Oleh: Gregorius Duli Langobelen
Investasi budidaya mutiara di wilayah Fores-Lembata bukanlah lagi hal baru. Signifikansi janji-janji pertumbuhan ekonominya makin hari makin tertinggal jauh di masa lalu. Dalam konteks Lembata, penting sekiranya untuk mengajukan kembali sebuah proposisi untuk merekonseptualisasi apa yang disebut sebagai semangat otonomi yang tertuang sejak dirumuskan statemen Tujuh Maret, yang mana orientasinya bukan hanya pada identitas sosilogis ataupun warisan antropologis, tetap juga terhadap kemandirian pertumbuhan ekonomi lokal.
Catatan ini dibuat untuk membantu kita melihat kembali pagaimana progres perjuangan kita, terutama apa sebenarnya yang tengah kita hadapi, terutama dalam membongkar kuasa-kuasa yang senyap atau yang diselipkan di balik kelambanan pemerintah daerah dan ketidakberdayaan masyarakat.

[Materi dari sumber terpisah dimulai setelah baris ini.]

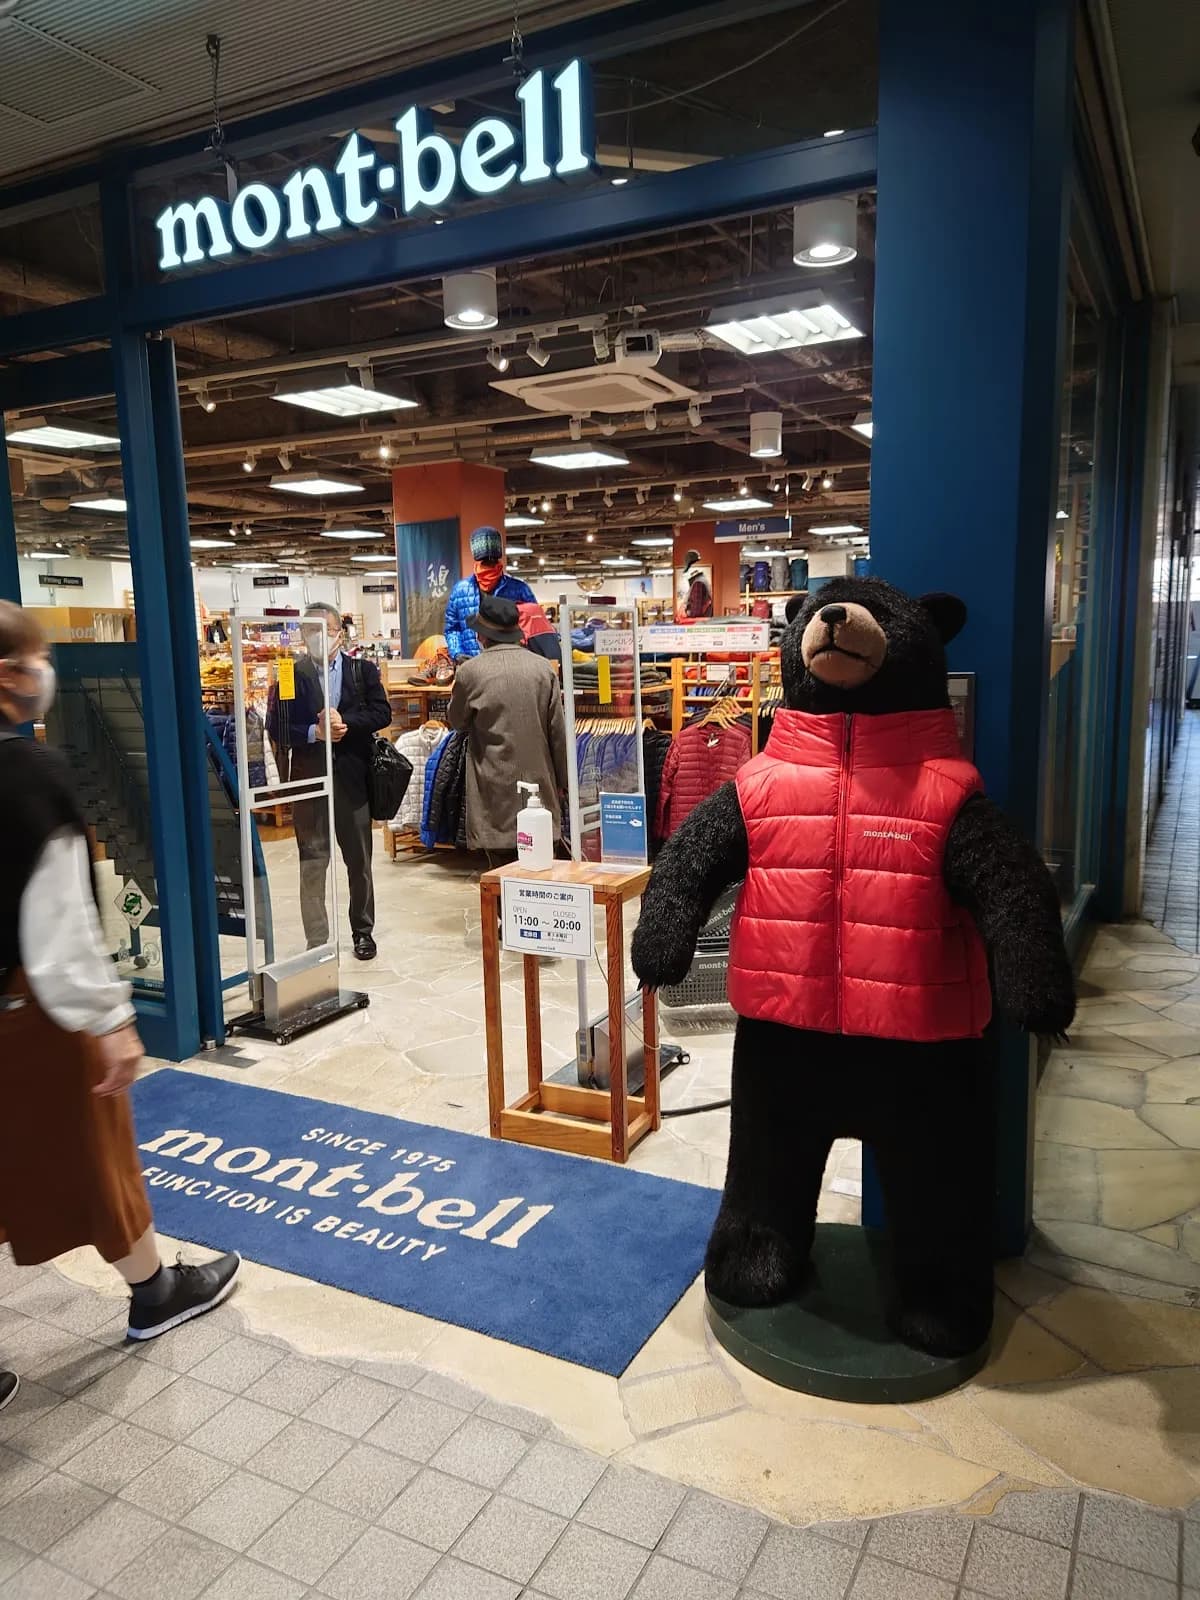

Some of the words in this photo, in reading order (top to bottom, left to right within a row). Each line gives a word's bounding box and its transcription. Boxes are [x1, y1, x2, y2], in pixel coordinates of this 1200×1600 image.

Kapitalisme dan Ilusi Pertumbuhan Ekonomi Lokal
Walaupun sering menjanjikan percepatan kemakmuran dan pertumbuhan ekonomi, sistem ekonomi kapitalis yang sering dipraktikan para investor cenderung menginstrumentalisasi masyarakat, membuat ambruk sistem politik suatu wilayah, memarginalisasi kaum miskin, dan merusakkan lingkungan hidup (Denar, 2015). Dengan kesadaran ini, kita perlu memeriksa kembali logika pertumbuhan ekonomi atau juga paradigma perlindungan ekologis yang sering dipolitisasi pihak investor sebagai kedok atau jualan di masyarakat. Sebab, apabila kita percaya begitu saja pada kehadiran investor tambak mutiara, misalnya, yang tanpa sosialisasi, kajian strategis, terutama tanpa regulasi daerah yang tegas dan prospek yang jelas, maka kita barangkali hanya akan semakin introvert dan inferior di tanah kita sendiri, kita semakin toleran dengan biang masalah, akseptabel, tetapi sekaligus tengah membiarkan diri dicengkeram, diperbudak, dan ditunggangi kuasa modal.